# Task instructions
Write out the records that follow with every word intact.
========
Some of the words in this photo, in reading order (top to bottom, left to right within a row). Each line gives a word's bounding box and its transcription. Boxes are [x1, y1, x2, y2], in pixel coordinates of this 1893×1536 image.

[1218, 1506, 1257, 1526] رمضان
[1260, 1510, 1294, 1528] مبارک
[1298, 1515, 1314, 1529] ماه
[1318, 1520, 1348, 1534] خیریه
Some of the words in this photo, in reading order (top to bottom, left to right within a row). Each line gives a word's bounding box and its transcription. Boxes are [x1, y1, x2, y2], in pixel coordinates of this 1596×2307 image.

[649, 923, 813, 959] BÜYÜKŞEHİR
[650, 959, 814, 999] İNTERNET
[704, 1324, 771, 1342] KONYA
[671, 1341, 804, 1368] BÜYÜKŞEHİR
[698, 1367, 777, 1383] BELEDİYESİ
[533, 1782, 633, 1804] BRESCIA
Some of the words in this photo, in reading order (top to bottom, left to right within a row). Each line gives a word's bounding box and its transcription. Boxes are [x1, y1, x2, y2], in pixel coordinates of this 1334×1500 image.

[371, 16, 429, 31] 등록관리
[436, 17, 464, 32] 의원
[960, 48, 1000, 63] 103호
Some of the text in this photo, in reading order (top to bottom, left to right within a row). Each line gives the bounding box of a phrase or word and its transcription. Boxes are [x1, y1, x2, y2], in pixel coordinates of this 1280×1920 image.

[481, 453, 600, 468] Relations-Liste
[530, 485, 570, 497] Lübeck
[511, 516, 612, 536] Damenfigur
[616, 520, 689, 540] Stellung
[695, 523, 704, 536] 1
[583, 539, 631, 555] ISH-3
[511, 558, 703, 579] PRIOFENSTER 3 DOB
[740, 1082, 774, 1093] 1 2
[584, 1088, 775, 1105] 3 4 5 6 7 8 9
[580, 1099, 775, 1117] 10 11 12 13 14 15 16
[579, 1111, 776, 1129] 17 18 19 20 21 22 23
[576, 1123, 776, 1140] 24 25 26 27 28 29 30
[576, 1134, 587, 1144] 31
========
# Solved exercise
Some of the words in this photo, in reading order (top to bottom, left to right within a row). Each line gives a word's bounding box and its transcription. Boxes are [x1, y1, x2, y2], in pixel coordinates of this 1893×1536 image.

[1218, 1506, 1257, 1526] رمضان
[1260, 1510, 1294, 1528] مبارک
[1298, 1515, 1314, 1529] ماه
[1318, 1520, 1348, 1534] خیریه
Some of the words in this photo, in reading order (top to bottom, left to right within a row). Each line gives a word's bounding box and its transcription. Boxes are [x1, y1, x2, y2], in pixel coordinates of this 1596×2307 image.

[649, 923, 813, 959] BÜYÜKŞEHİR
[650, 959, 814, 999] İNTERNET
[704, 1324, 771, 1342] KONYA
[671, 1341, 804, 1368] BÜYÜKŞEHİR
[698, 1367, 777, 1383] BELEDİYESİ
[533, 1782, 633, 1804] BRESCIA
Some of the words in this photo, in reading order (top to bottom, left to right within a row). Each line gives a word's bounding box and its transcription. Boxes are [x1, y1, x2, y2], in pixel coordinates of this 1334×1500 image.

[371, 16, 429, 31] 등록관리
[436, 17, 464, 32] 의원
[960, 48, 1000, 63] 103호
Some of the text in this photo, in reading order (top to bottom, left to right within a row). Each line gives the bounding box of a phrase or word and its transcription. Boxes are [x1, y1, x2, y2], in pixel coordinates of this 1280×1920 image.

[481, 453, 600, 468] Relations-Liste
[530, 485, 570, 497] Lübeck
[511, 516, 612, 536] Damenfigur
[616, 520, 689, 540] Stellung
[695, 523, 704, 536] 1
[583, 539, 631, 555] ISH-3
[511, 558, 703, 579] PRIOFENSTER 3 DOB
[740, 1082, 774, 1093] 1 2
[584, 1088, 775, 1105] 3 4 5 6 7 8 9
[580, 1099, 775, 1117] 10 11 12 13 14 15 16
[579, 1111, 776, 1129] 17 18 19 20 21 22 23
[576, 1123, 776, 1140] 24 25 26 27 28 29 30
[576, 1134, 587, 1144] 31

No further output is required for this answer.